Особняки, ограды, эстакады знаментых на весь мир автодорог — всё как на картинке, только покрыто разноцветным лишайником граффити, сплошь. Хотя нет, не сплошь — разрисована одна лишь муниципальная собственность, к частной лишайник не пристаёт. Разрисованы автобусы, столбы, бордюры тротуаров; рисунки большие, маленькие, подряд и друг на друге и вдруг — щёлк — пошли чистенькие заборы частных вилл, такие гладенькие — так бы и прыснул аэрозолем, но нет — некоторые так и облупились чистыми.
За сеткой одной из вилл зеленеет поле для гольфа, за сеткой другой — игрушечная железная дорога с мостиками, тоннелями, малюсенькими деревьями, игрушечной автостоянкой, станцией и посёлком в дюжину ладненьких домиков под черепичными крышами, с цветами под окнами, в окнах загорается свет, струится уют, и мы, кукольные, сидим с Анютой, пьём чай...
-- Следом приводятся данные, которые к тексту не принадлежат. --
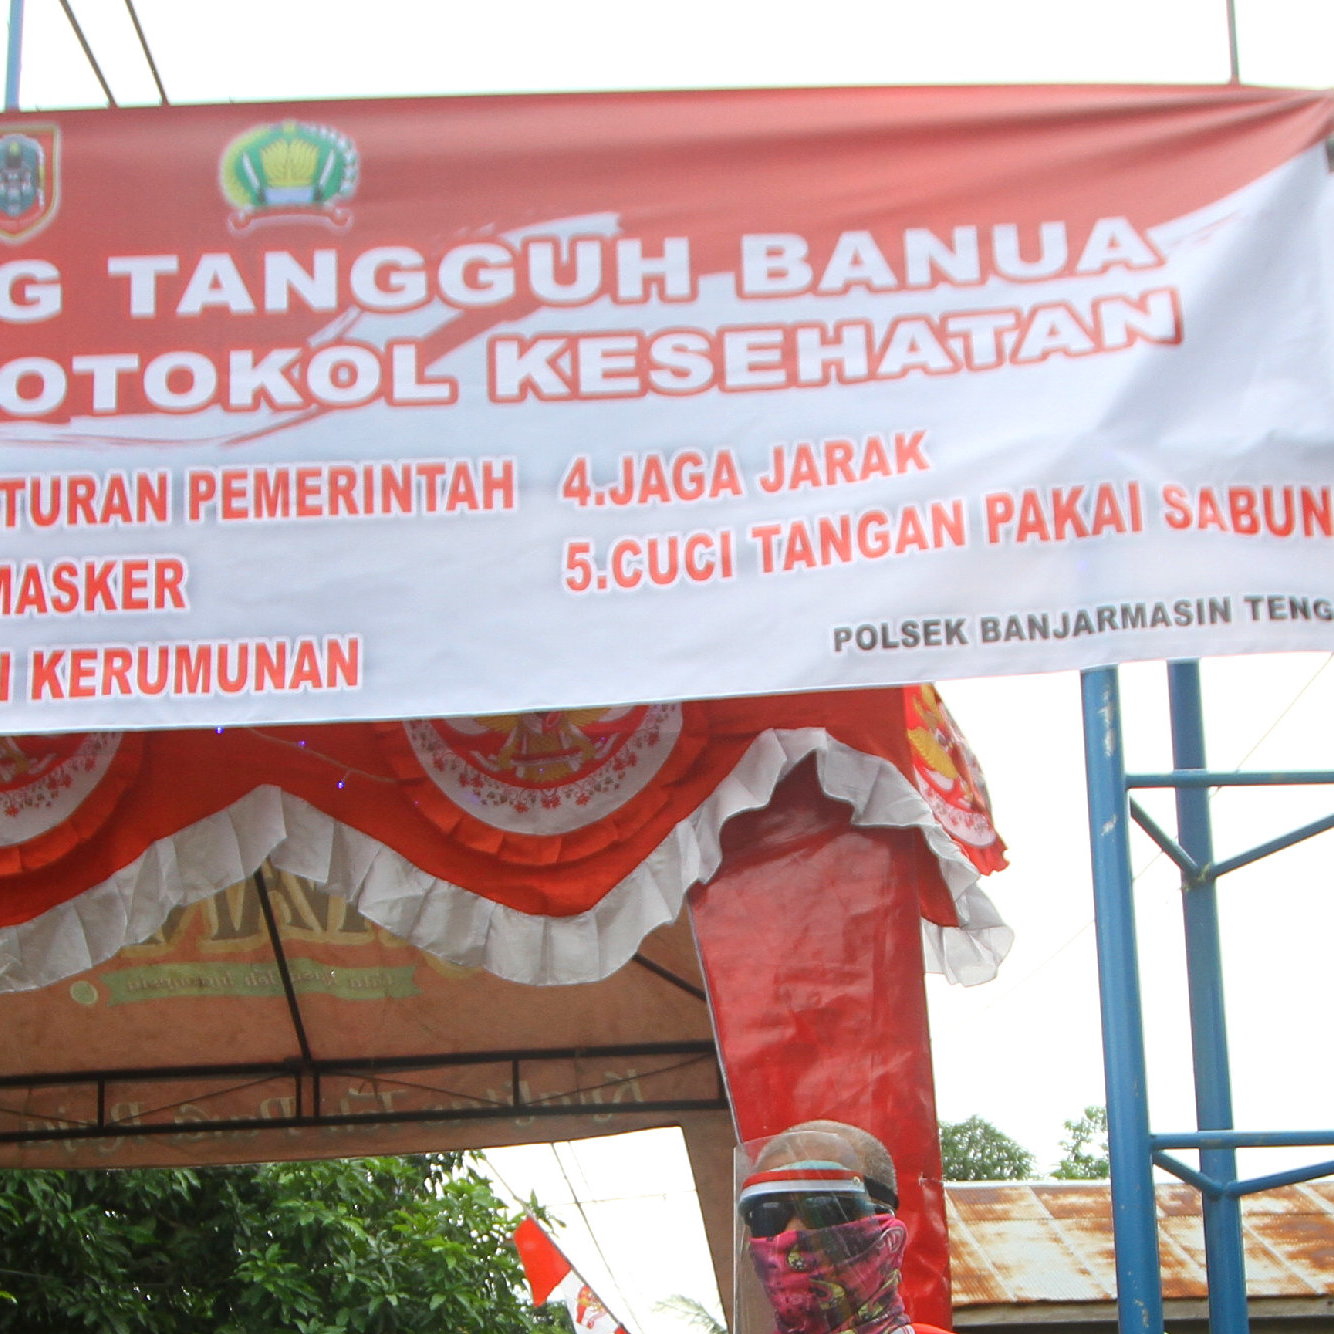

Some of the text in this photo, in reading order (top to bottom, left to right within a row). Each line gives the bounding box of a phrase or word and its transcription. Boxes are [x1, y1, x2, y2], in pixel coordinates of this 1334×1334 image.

[107, 234, 691, 318] TANGGUH
[742, 218, 1160, 298] BANUA
[493, 289, 1180, 397] KESEHATAN
[190, 460, 515, 521] PEMERINTAH
[564, 431, 929, 507] 4.JAGA JARAK
[565, 533, 732, 592] 5.CUCI
[753, 502, 967, 574] TANGAN
[987, 482, 1144, 545] PAKAI
[833, 617, 969, 653] POLSEK
[981, 600, 1232, 644] BANJARMASIN
[30, 639, 359, 702] KERUMUNAN
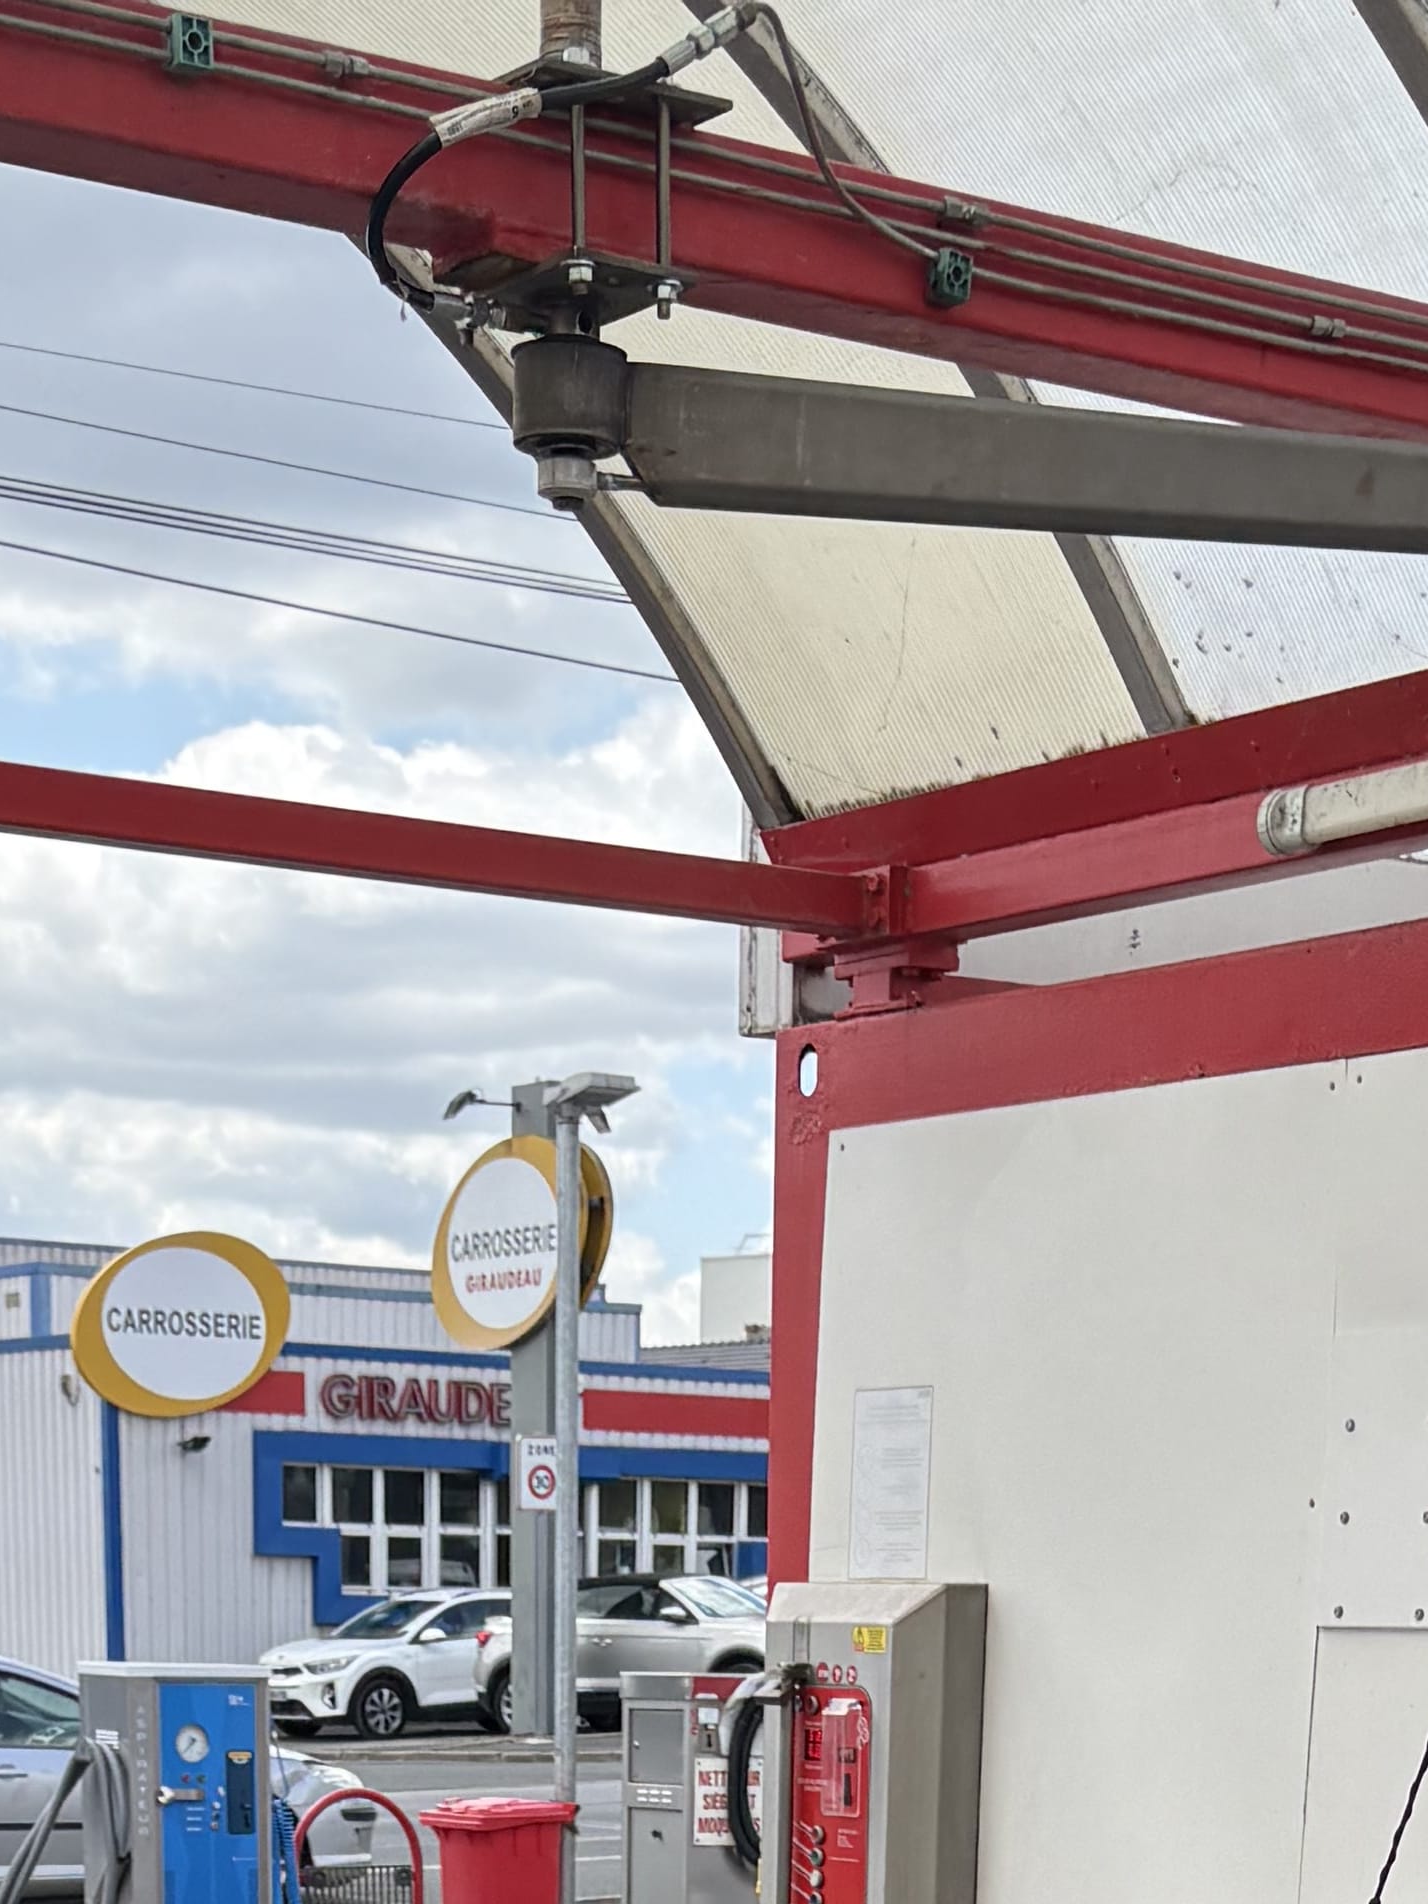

Станция Цоо, Берлин. Калачов покидает вагон и окунается в неожиданно чуждую стихию. Сравнить эту стихию ему не с чем: в Потсдаме — мило, в Москве — больно, здесь в Берлине — никак. Здесь тебя нет, не было и не будет никогда. Калачова это устраивает. Незримой тенью сквозит он в пёстрой толпе вдоль нарядных улиц, любуется, дивится, силится постичь чужую поэзию чужого бытия. «Бите, во хэльт хир дэр аутобус нуммеэр хундэрт?»
— декламирует он по бумажке седому господину в очках. Тот улыбается, трясёт головой, лопочет что-то по-бельгийски. А может, по-голландски. Калачов холодеет: неужели в Бельгию попал? И как ему из этой Голландии выбираться? Мысль взять и проснуться не приходит ему в голову. Он повторяет своё заклинание снова и снова, в результате Берлин возвращается. К нему подкатывает огромный двухэтажный автобус № 100. Калачову нравится номер, нравятся низкие, над самым асфальтом, ступени. Вот он входит, протягивает щекастому водителю в белой сорочке при галстуке дойч-марки. Тот выдаёт ему ещё один красивый билетик с отметкой времени и места посадки, кладёт здоровенные руки на руль и трогает с места, продолжая прерванную беседу с двумя весёлыми девушками на первом диване. А Калачов стремится наверх, во второй ярус. Там пассажиров нет, и крыши — тоже! Второй ярус полон восторга и солнца, и Калачов едет, едет по Берлину один! Нет, он летит! Он поёт что-то про «наших казаков» на всю кипящую Кайзер-штрассе, и пушистые беленькие старушки во встречном омнибусе машут ему ладошками. Они его понимают, у них тоже нет крыши, уехала; транспорт со старушками похож на корзину одуванчиков.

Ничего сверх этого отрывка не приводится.